Bearbeiter: Sabine Kriwanek

GFK: Art 1

RL 2011/95/EU: Art 7, Art 8

Einer von Privatpersonen bzw von privaten Gruppierungen ausgehenden, auf einem Konventionsgrund beruhenden Verfolgung kommt Asylrelevanz zu, wenn der Staat nicht gewillt oder nicht in der Lage ist, diese Verfolgungshandlungen hintan zu halten. Auch eine auf keinem Konventionsgrund beruhende Verfolgung durch Private hat aber asylrelevanten Charakter, wenn der Heimatstaat des Betroffenen aus den in Art 1 Abschnitt A Z 2 GFK (Genfer Flüchtingkonvention) genannten Gründen nicht bereit ist, Schutz zu gewähren.

Von einer mangelnden Schutzfähigkeit des Staates kann nicht bereits dann gesprochen werden, wenn der Staat nicht in der Lage ist, seine Bürger gegen jedwede Übergriffe seitens Dritter präventiv zu schützen. Entscheidend für die Frage, ob eine ausreichend funktionierende Staatsgewalt besteht, ist vielmehr, ob für einen von dritter Seite Verfolgten trotz staatlichen Schutzes der Eintritt eines - asylrelevante Intensität erreichenden - Nachteiles aus dieser Verfolgung mit maßgeblicher Wahrscheinlichkeit zu erwarten ist.

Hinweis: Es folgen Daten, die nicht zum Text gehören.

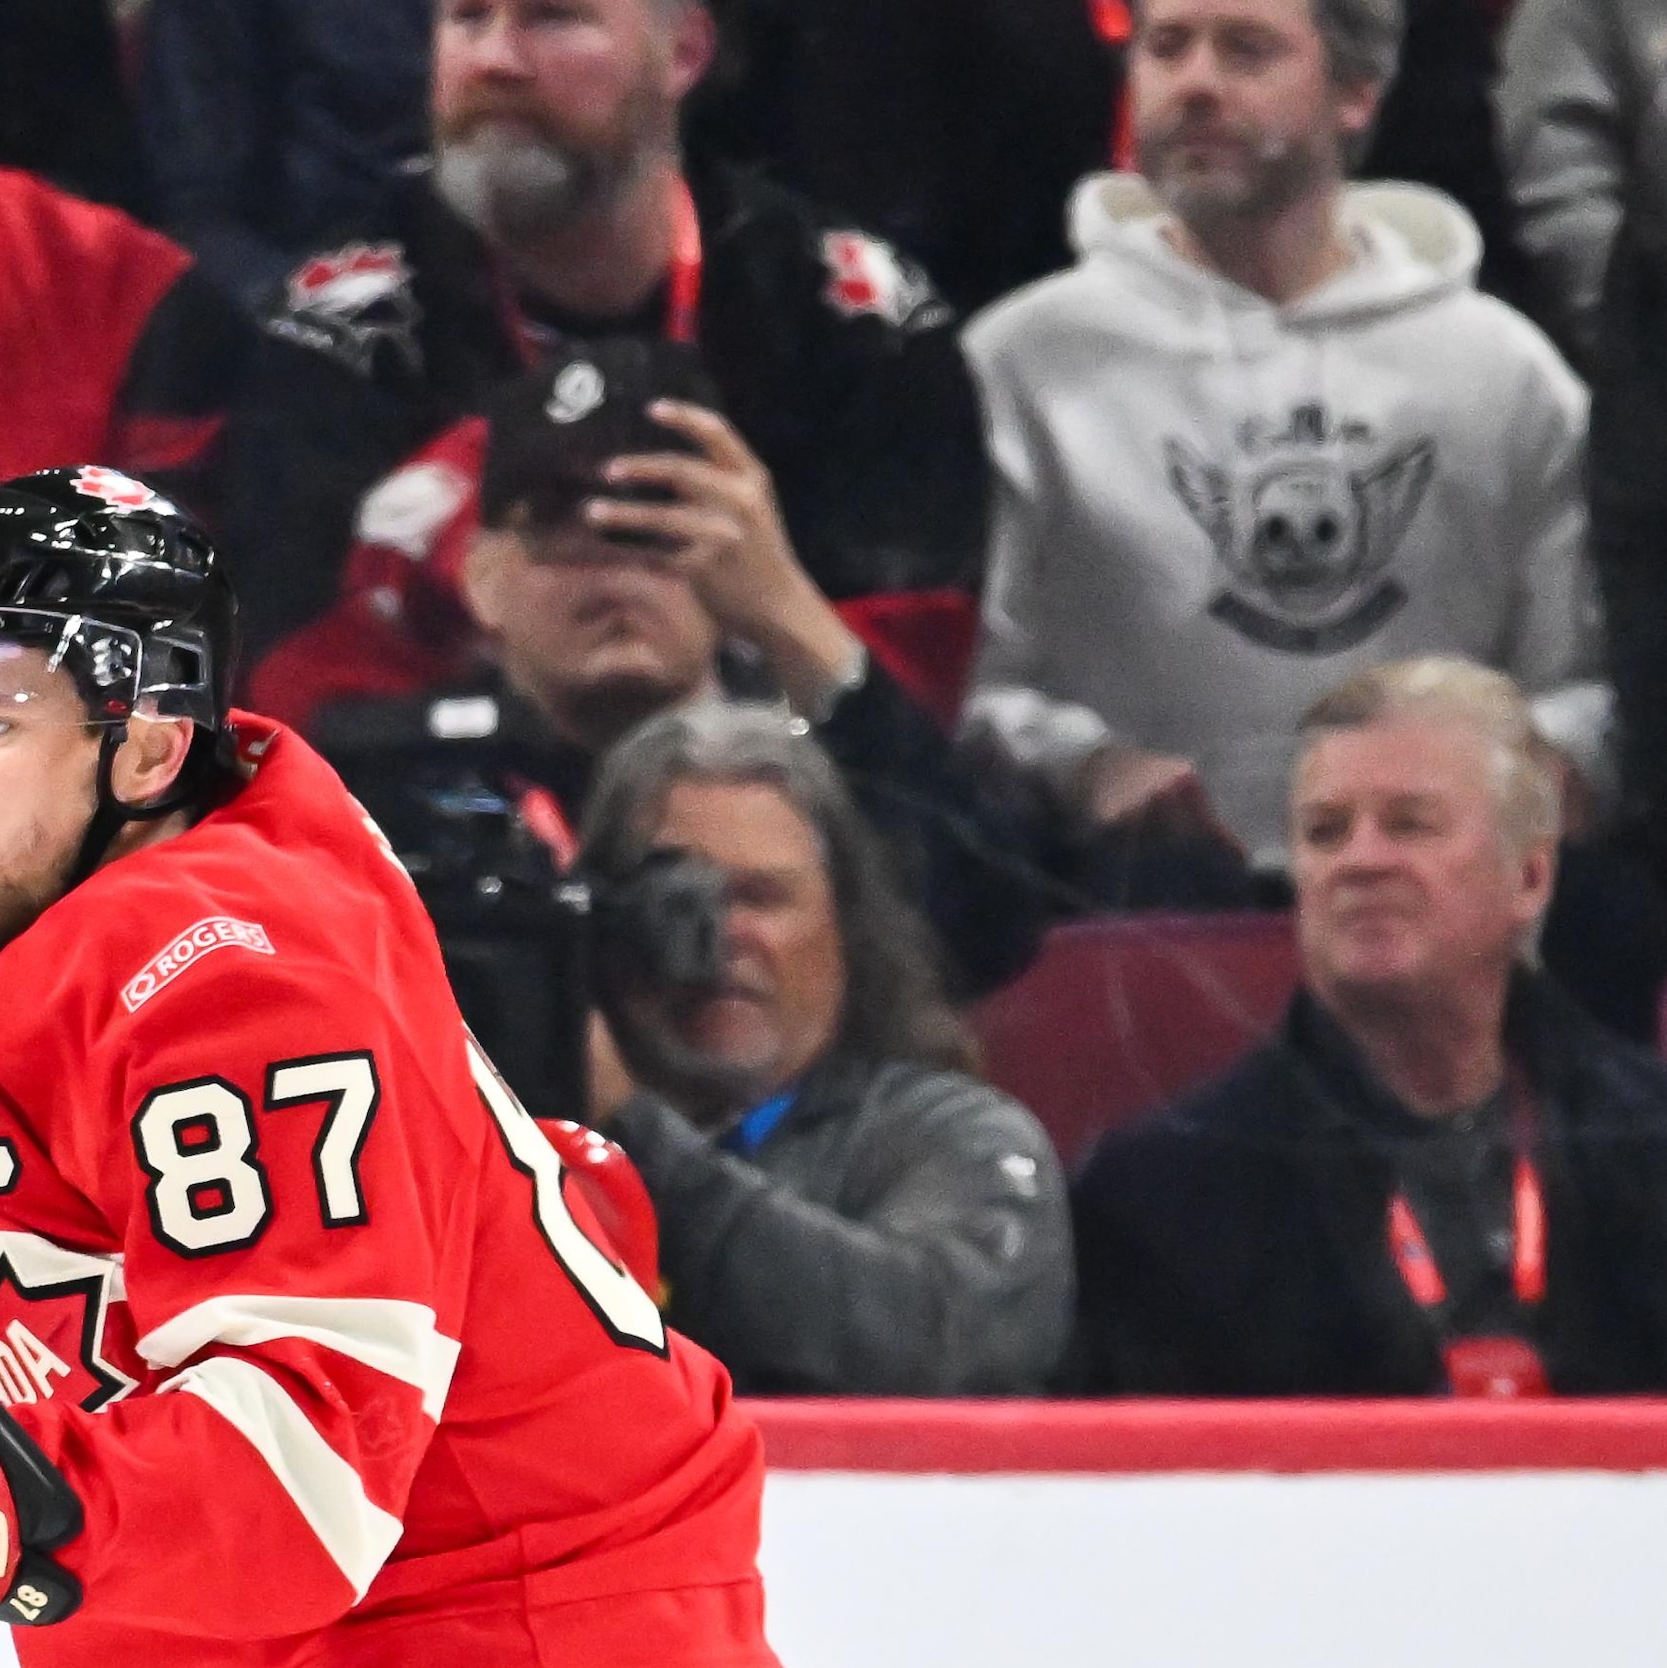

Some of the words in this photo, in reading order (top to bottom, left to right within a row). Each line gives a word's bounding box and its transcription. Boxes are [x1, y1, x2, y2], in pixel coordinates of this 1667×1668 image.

[156, 922, 265, 977] ROGERS
[132, 1048, 383, 1258] 87
[10, 1584, 49, 1621] 87

Die Statusrichtlinie (RL 2011/95/EU), die iS einer unionsrechtskonformen Auslegung des nationalen Rechts mitzuberücksichtigen ist, sieht einerseits vor, dass die staatliche Schutzfähigkeit zwar generell bei Einrichtung eines entsprechenden staatlichen Sicherheitssystems gewährleistet ist, verlangt aber anderseits eine Prüfung im Einzelfall, ob der Asylwerber unter Berücksichtigung seiner besonderen Umstände in der Lage ist, an diesem staatlichen Schutz wirksam teilzuhaben.

VwGH 24. 2. 2015, Ra 2014/18/0063

Sachverhalt

Der Revisionswerber, ein muslimischer Staatsangehöriger von Bosnien und Herzegowina, beantragte im Sommer 2005 in Österreich Asyl. Zu seinen Fluchtgründen brachte er zusammengefasst vor, er sei während des Bürgerkriegs im ehemaligen Jugoslawien in der jugoslawischen Armee als Berufsoffizier und Sicherheitsbegleiter für leitende Offiziere eingesetzt gewesen. In dieser Funktion habe er für General Ratko Mladic und Admiral Ljubisa Beara gearbeitet, denen Kriegsverbrechen an der bosnischen Bevölkerung zur Last gelegt würden. Der Revisionswerber sei - wie der Öffentlichkeit bekannt sei - im Verfahren vor dem International Strafgerichtshof wegen dieser Verbrechen als wichtigster Zeuge der Verteidigung des Ljubisa Beara geladen worden.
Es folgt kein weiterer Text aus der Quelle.